4. Incubate for 1–4 hours, shielded from direct light; optimal time varies by cell type and density.
5. Measure absorbance at 450 nm using a microplate reader. Reference wavelength (650 nm) is optional for background correction.

Data are reported as absorbance units (AU), and cell numbers are calculated using a standard curve if absolute quantification is needed. The CCK-8 method is compatible with additional downstream assays (e.g., RNA/protein extraction) due to its low toxicity.

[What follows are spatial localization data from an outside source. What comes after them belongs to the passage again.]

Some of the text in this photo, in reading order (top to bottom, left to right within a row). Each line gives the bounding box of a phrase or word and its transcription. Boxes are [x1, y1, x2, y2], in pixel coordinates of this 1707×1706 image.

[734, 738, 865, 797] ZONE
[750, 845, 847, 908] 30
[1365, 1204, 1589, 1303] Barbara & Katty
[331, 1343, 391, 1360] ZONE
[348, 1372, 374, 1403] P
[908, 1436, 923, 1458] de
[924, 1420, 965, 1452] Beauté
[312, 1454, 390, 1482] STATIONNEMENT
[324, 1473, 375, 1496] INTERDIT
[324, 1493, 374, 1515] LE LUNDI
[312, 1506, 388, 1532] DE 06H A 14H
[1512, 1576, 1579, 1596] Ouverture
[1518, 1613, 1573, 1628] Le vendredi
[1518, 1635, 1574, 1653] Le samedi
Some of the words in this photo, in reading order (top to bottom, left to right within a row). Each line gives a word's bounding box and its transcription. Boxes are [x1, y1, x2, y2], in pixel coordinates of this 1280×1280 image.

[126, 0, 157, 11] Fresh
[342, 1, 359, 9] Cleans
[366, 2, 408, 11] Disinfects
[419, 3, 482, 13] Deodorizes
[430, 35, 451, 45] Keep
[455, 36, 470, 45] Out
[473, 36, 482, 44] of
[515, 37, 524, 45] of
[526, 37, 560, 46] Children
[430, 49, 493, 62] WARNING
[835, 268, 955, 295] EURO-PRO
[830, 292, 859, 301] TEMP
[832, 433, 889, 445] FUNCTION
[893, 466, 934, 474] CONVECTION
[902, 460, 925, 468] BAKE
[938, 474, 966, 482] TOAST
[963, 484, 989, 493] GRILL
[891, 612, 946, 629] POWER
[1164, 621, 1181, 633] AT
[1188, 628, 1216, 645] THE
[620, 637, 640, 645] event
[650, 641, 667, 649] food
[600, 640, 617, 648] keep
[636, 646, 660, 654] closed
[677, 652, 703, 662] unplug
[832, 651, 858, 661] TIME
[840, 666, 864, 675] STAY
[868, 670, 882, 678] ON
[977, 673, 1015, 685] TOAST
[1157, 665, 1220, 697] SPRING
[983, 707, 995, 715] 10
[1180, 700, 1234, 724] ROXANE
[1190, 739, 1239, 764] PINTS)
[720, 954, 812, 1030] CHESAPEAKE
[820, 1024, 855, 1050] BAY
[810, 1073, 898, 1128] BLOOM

This article extends the integration details presented in translational research overviews by providing explicit reagent-to-volume ratios and highlighting compatibility with high-throughput automation.

Conclusion & Outlook

The Cell Counting Kit-8 (CCK-8) is a robust, sensitive, and convenient solution for in vitro cell viability and proliferation analysis. Its WST-8-based chemistry delivers higher sensitivity and fewer technical steps than older tetrazolium assays. The K1018 kit is validated in infectious disease, cancer, and metabolic research models, supporting its use in both academic and industry settings (see product page). As cell-based screening and translational research expand, CCK-8's compatibility with automation and downstream analytics positions it as a core tool for quantitative cellular assays. Future developments may further increase sensitivity and expand the dynamic range to support emerging single-cell and 3D culture models.